I tilt my head towards the north. I see her playing with the kids. I'm not sure if she's a spirit from another tragedy attempting to make a connection, or if the kids have really been playing with her. Apart from being adaptable and accommodating in any scenario, she seems to draw strength and serenity from within.
She disappears in every fraction of a second. Sometimes I see her in the park with the pine trees and sometimes near my home. Her eyes have a textured blue sheen. I see the entire universe in her eyes.
She comes closer. Her dark brown hair resonates with the ocean's waves. Her finger slides smoothly through my hair. Her lips' edges seem to resemble the edges of the cosmos.
“Anuv,”
Did someone just call me? I see it everywhere, but there's no trace. Oh, wait. That's my dad's car accelerating, resulting in speedy movement. It’s cold and my breath is warm. It is so warm that I can feel the heat. I can feel the pain in that heat. I cannot stop it. I see myself in the front seat.
Am I bleeding?
I roll my eyes everywhere. A split second later, I spot her in front of my dad's car. She is dead. She's wearing the same black sundress that I see her in every day. There are people all around. I am breathing. Everything has vanished as of late.
I'm not sure how many days, weeks, or months have gone by. Now we buckle every day below the dark blue sky with shiny bright stars. She hasn't ever uttered a word. I can touch her. Only her. My heart aches from the accident scene. The air smells like pine trees.
I need to know what happened after that. Have they forgotten about me? Never before have I wanted to live so much. I recall arguing with my father on January 20. I was drunk.
You take the boy out of the addiction, not the addiction out of the boy. The thing about addiction is that your brain goes straight into the substance without analysing the situation. Especially when you start at a very young age, your older self pays the price. We all paid the price. She did too.
Sai, my parents and I all deserved my apology. I ought to have answered my father's text and answered his phone. That would mean she would still be alive. I wouldn’t have been shot by the homeless in the park. My dad wouldn’t have run her over while taking me to the emergency room.
I killed her. I am to blame for her death. She's everywhere I look now. In the black sundress. Almost silent—circling in a loop.
This hurts. I open my eyes. I am in a room with white walls and machines and tubes fitted all over my body. My mom walks in a dark red sari and her hair is partially grey.
The ground beneath me sinks as I glance towards the window. I can't get words out of my mouth. I see her again.
Her eyes have a textured blue sheen. I see the entire universe in her eyes. She comes closer. Her dark brown hair resonates with the ocean's waves. Her finger slides smoothly through my hair. Her lips' edges seem to resemble the edges of the cosmos.
I inhale the medicated air as I feel the stitches above my ribs. I hold her again and this time her body goes through mine. In the same way that mine did with my mom.

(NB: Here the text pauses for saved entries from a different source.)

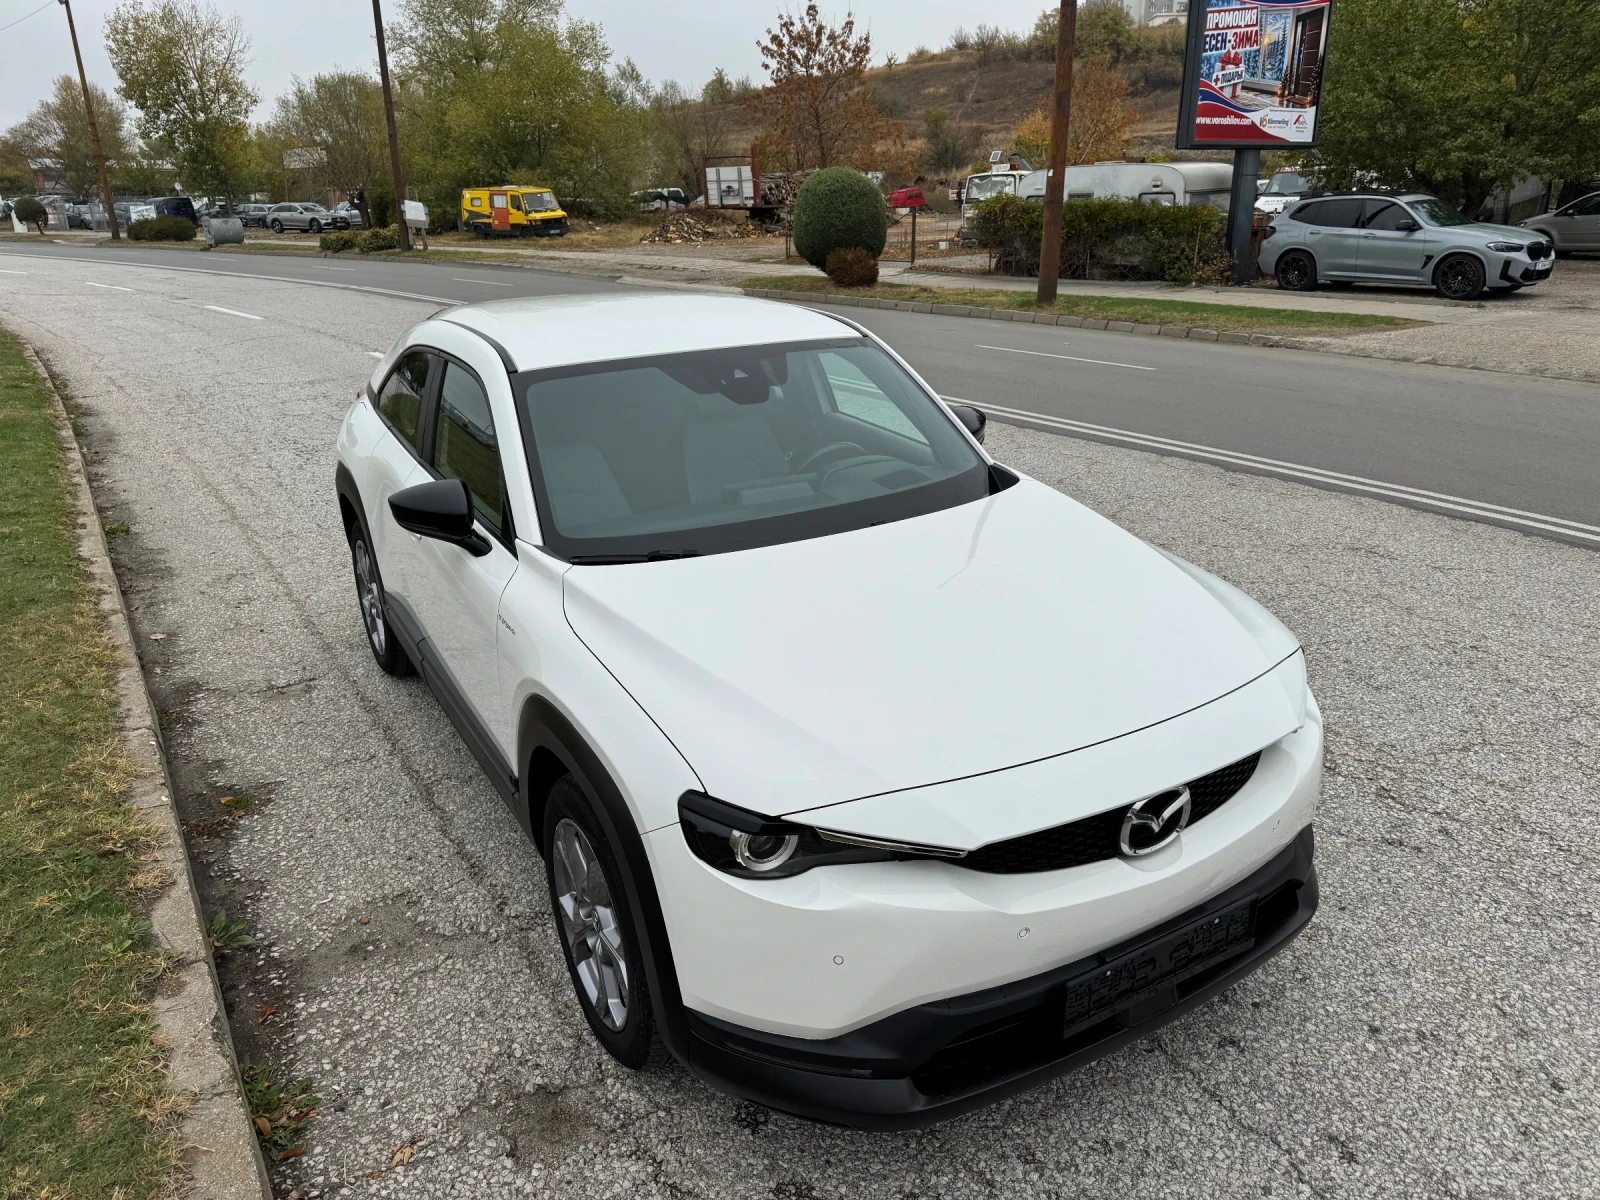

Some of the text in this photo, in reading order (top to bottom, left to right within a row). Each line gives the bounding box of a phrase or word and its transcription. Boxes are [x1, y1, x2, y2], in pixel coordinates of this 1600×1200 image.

[1206, 9, 1258, 29] ПРОМОЦИЯ
[1203, 30, 1258, 52] ЕСЕН-ЗИМА
[1196, 115, 1252, 125] www.voroshilov.com
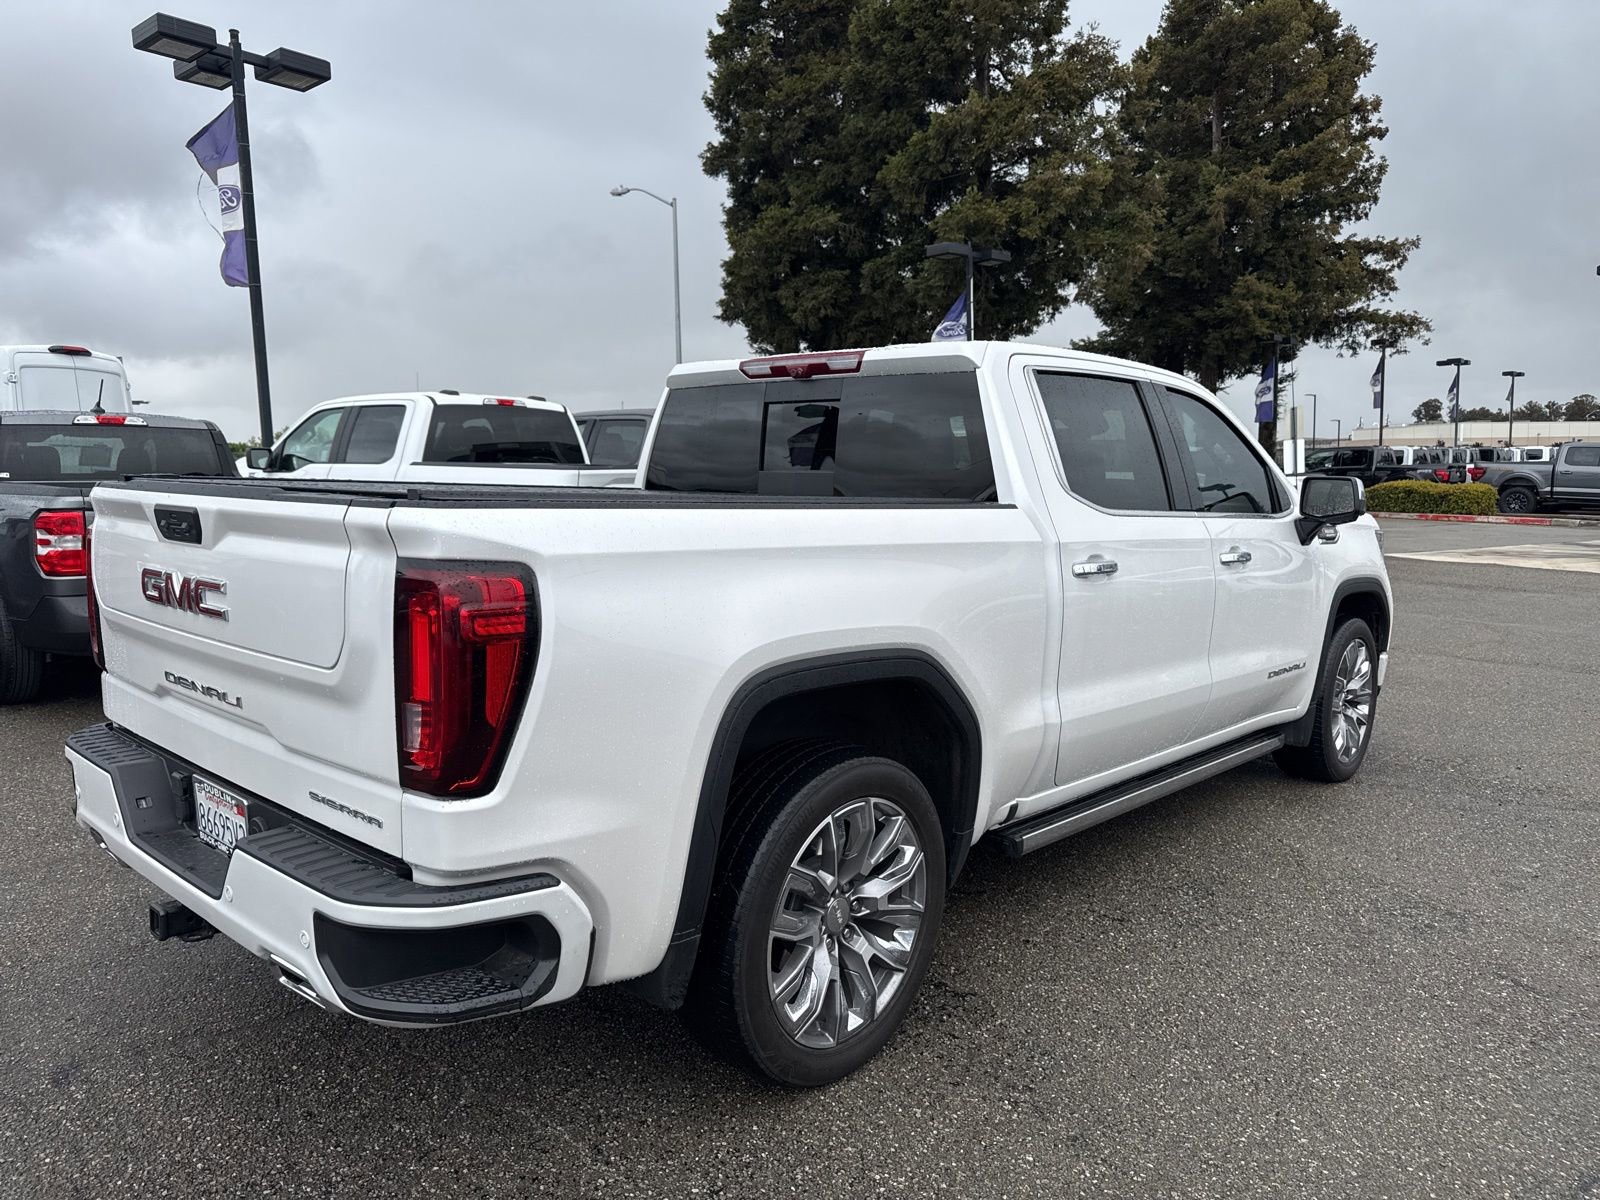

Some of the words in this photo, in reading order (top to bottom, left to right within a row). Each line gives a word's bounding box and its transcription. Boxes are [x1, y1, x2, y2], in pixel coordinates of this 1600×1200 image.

[141, 566, 229, 622] GMC
[1267, 661, 1306, 679] DENALI
[164, 671, 243, 709] DENALI
[308, 791, 383, 829] SIERRA

These days, all I have left of her is what I painted. I go to the park and play with the kids there. I go to the beach and listen to the waves alone. The objects and people around me give me serenity. She did go but left a part of herself behind—the universe in her eyes.
Our time together was a glitch in the matrix, yet through it all, the stars were glowing brightly. And for the next millennia, the light from those times will shine down.